● Records for this task:
#####
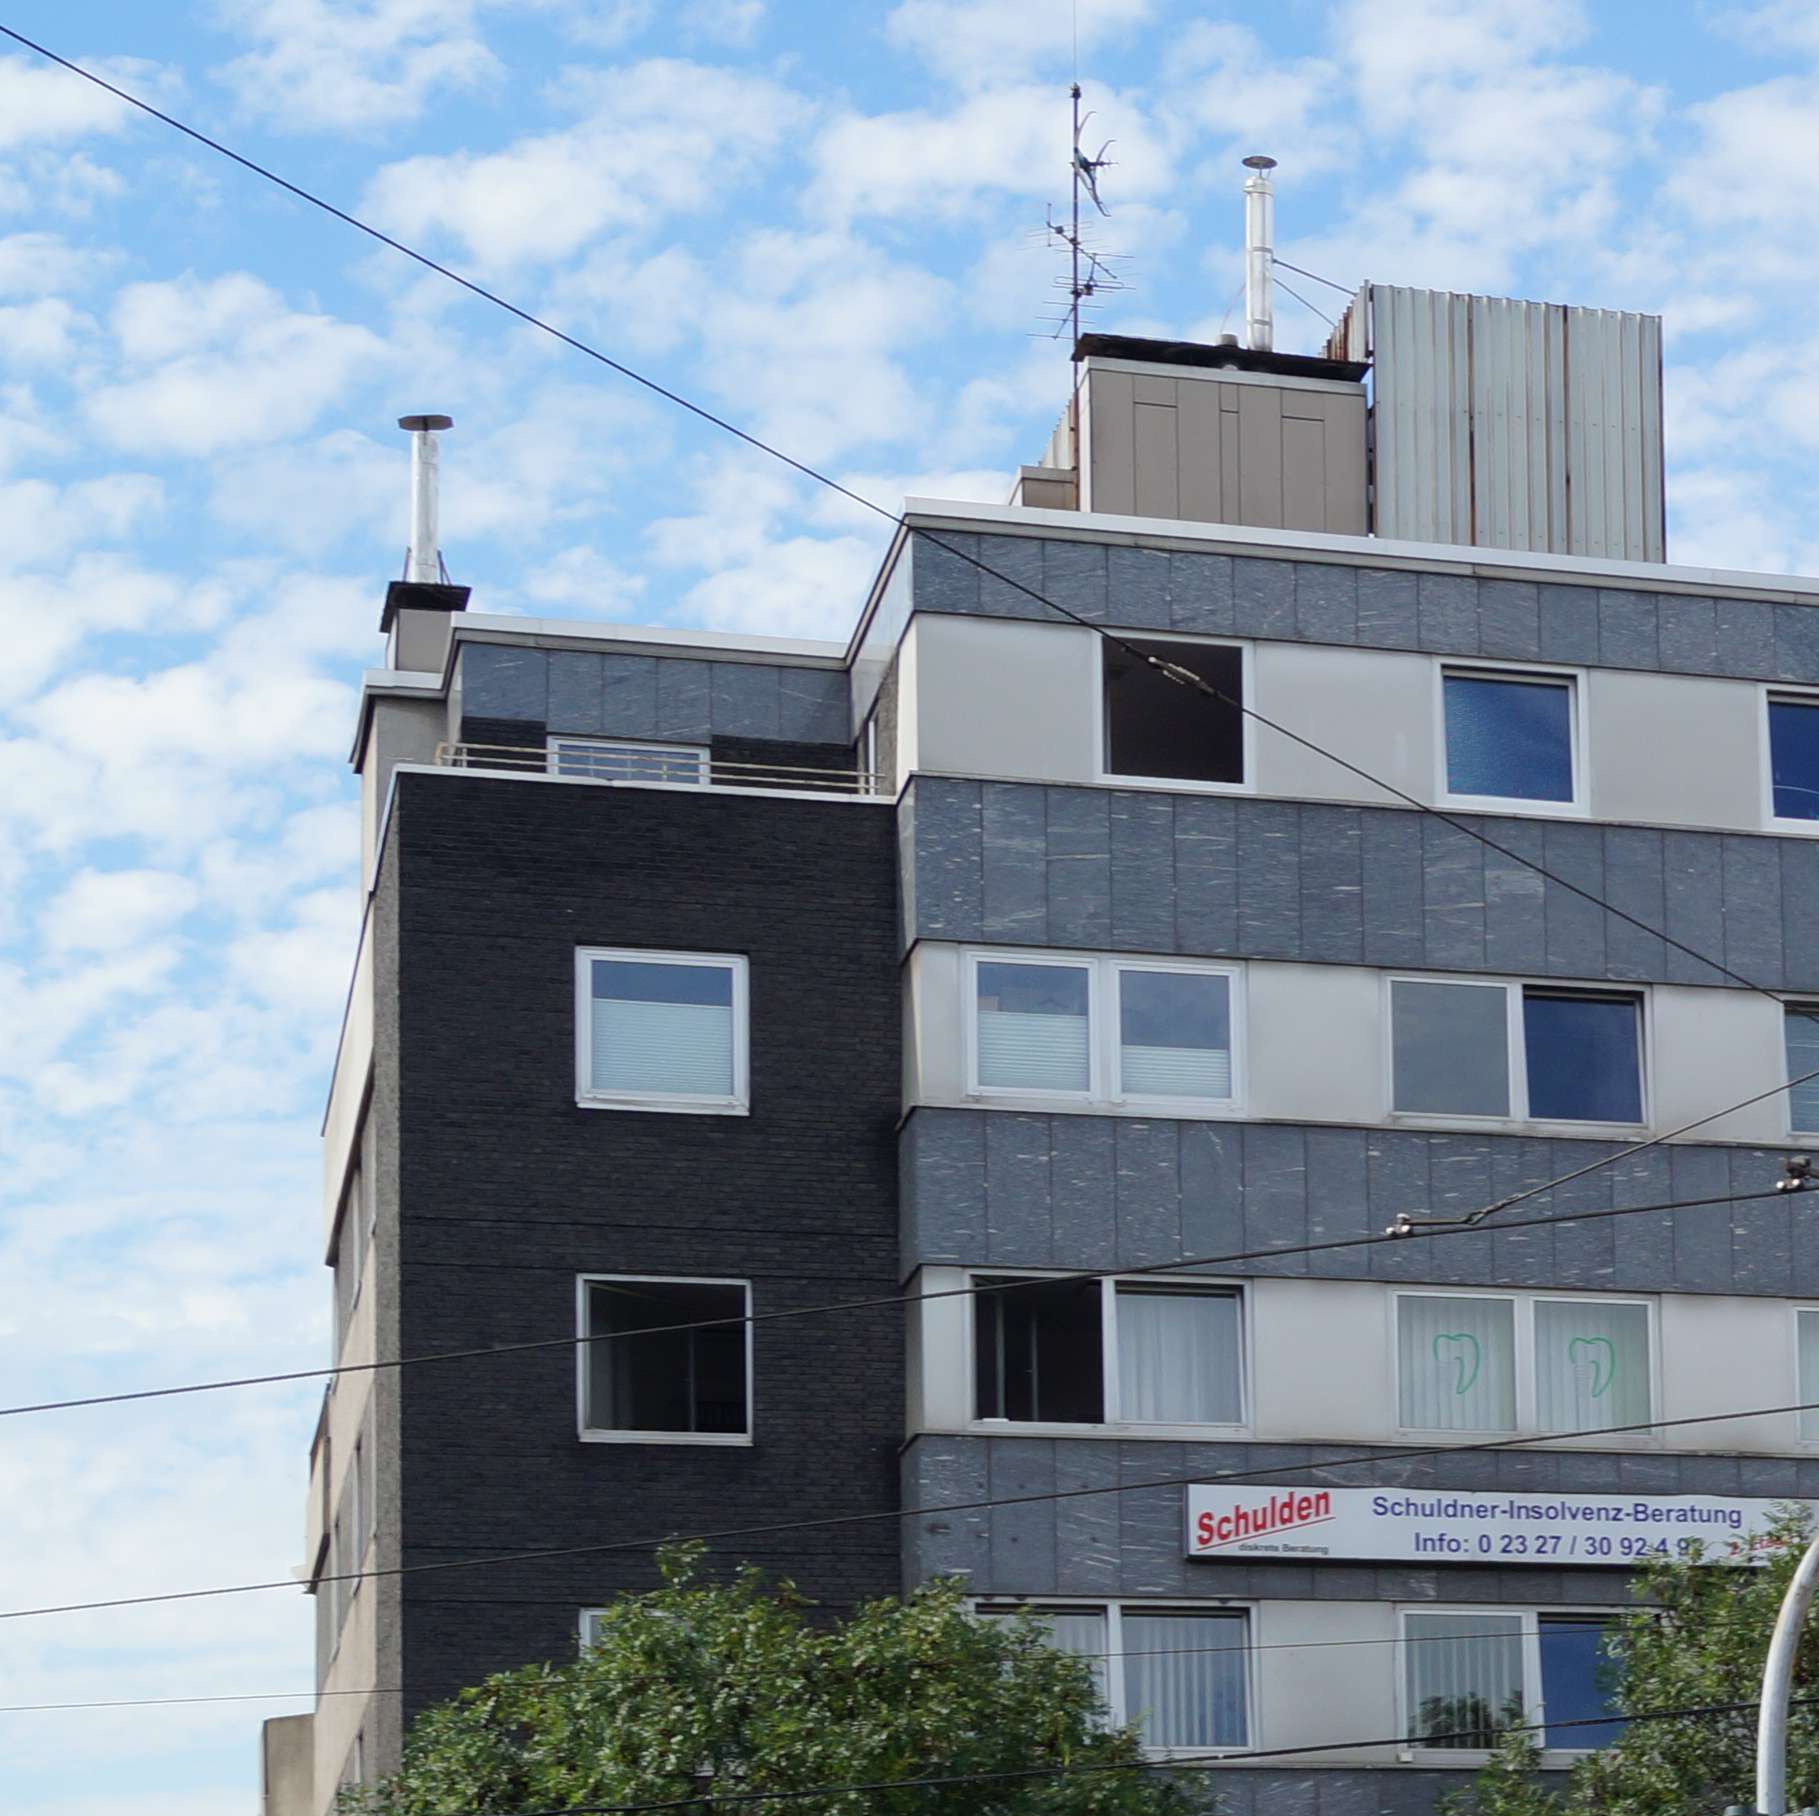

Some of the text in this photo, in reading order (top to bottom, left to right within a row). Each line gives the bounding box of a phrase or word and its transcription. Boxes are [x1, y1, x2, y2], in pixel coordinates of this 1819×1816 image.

[1196, 1491, 1331, 1546] Schulden
[1372, 1496, 1742, 1529] Schuldner-Insolvenz-Beratung
[1281, 1543, 1330, 1556] Beratung
[1414, 1532, 1470, 1553] Info:
[1477, 1534, 1492, 1554] 0
[1499, 1534, 1529, 1555] 23
[1534, 1535, 1563, 1555] 27
[1584, 1536, 1612, 1556] 30
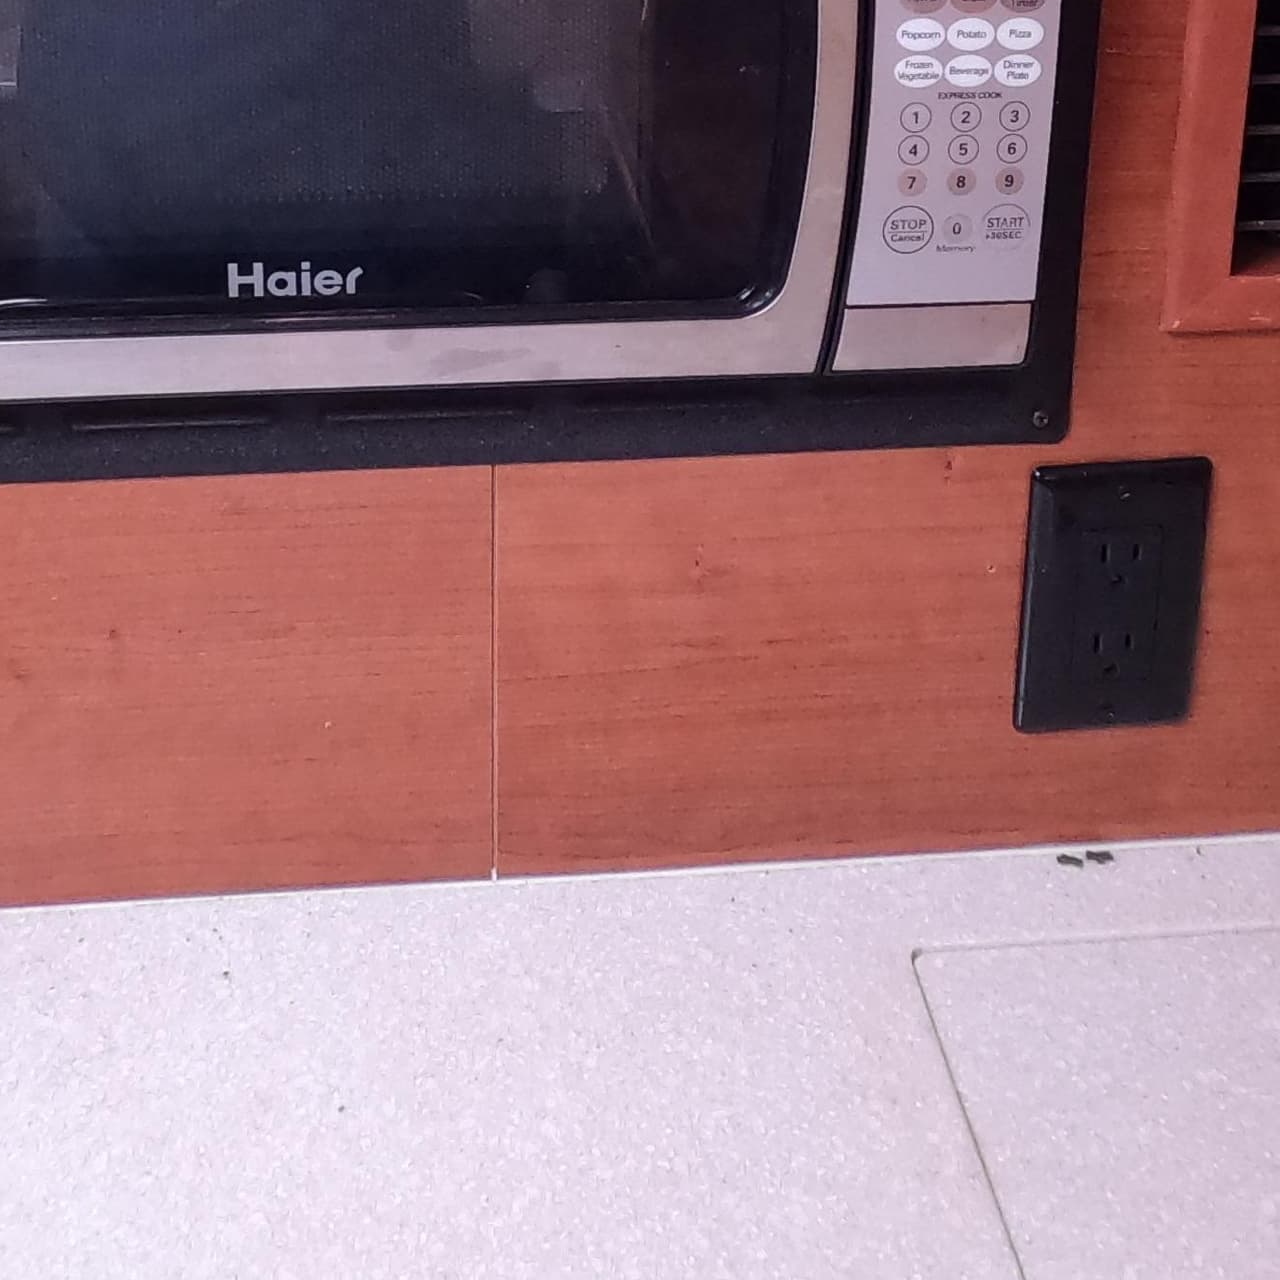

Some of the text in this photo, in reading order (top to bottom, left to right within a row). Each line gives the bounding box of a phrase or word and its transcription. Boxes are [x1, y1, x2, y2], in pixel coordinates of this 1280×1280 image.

[901, 30, 941, 41] Popcorn
[956, 29, 987, 39] Potato
[1008, 28, 1032, 39] Pizza
[904, 60, 934, 70] Frozen
[1003, 60, 1034, 70] Dinner
[897, 72, 940, 82] Vegetable
[949, 66, 989, 77] Beverage
[1006, 71, 1029, 81] Plate
[937, 91, 1003, 100] EXPRESS COOK
[912, 111, 919, 124] 1
[961, 110, 971, 124] 2
[1009, 109, 1020, 123] 3
[908, 143, 918, 157] 4
[959, 142, 969, 156] 5
[1007, 142, 1017, 155] 6
[907, 176, 917, 189] 7
[956, 175, 966, 189] 8
[1004, 174, 1015, 188] 9
[890, 220, 927, 230] STOP
[987, 217, 1024, 228] START
[952, 222, 962, 235] 0
[890, 232, 925, 242] Cancel
[227, 261, 364, 298] Haier
#####
● Exercise aim:
Return the line that contains "this 1280×1280 image." along with every line after it through the end of the entries, exactly, adding nothing.

● Output of the exercise:
Some of the text in this photo, in reading order (top to bottom, left to right within a row). Each line gives the bounding box of a phrase or word and its transcription. Boxes are [x1, y1, x2, y2], in pixel coordinates of this 1280×1280 image.

[901, 30, 941, 41] Popcorn
[956, 29, 987, 39] Potato
[1008, 28, 1032, 39] Pizza
[904, 60, 934, 70] Frozen
[1003, 60, 1034, 70] Dinner
[897, 72, 940, 82] Vegetable
[949, 66, 989, 77] Beverage
[1006, 71, 1029, 81] Plate
[937, 91, 1003, 100] EXPRESS COOK
[912, 111, 919, 124] 1
[961, 110, 971, 124] 2
[1009, 109, 1020, 123] 3
[908, 143, 918, 157] 4
[959, 142, 969, 156] 5
[1007, 142, 1017, 155] 6
[907, 176, 917, 189] 7
[956, 175, 966, 189] 8
[1004, 174, 1015, 188] 9
[890, 220, 927, 230] STOP
[987, 217, 1024, 228] START
[952, 222, 962, 235] 0
[890, 232, 925, 242] Cancel
[227, 261, 364, 298] Haier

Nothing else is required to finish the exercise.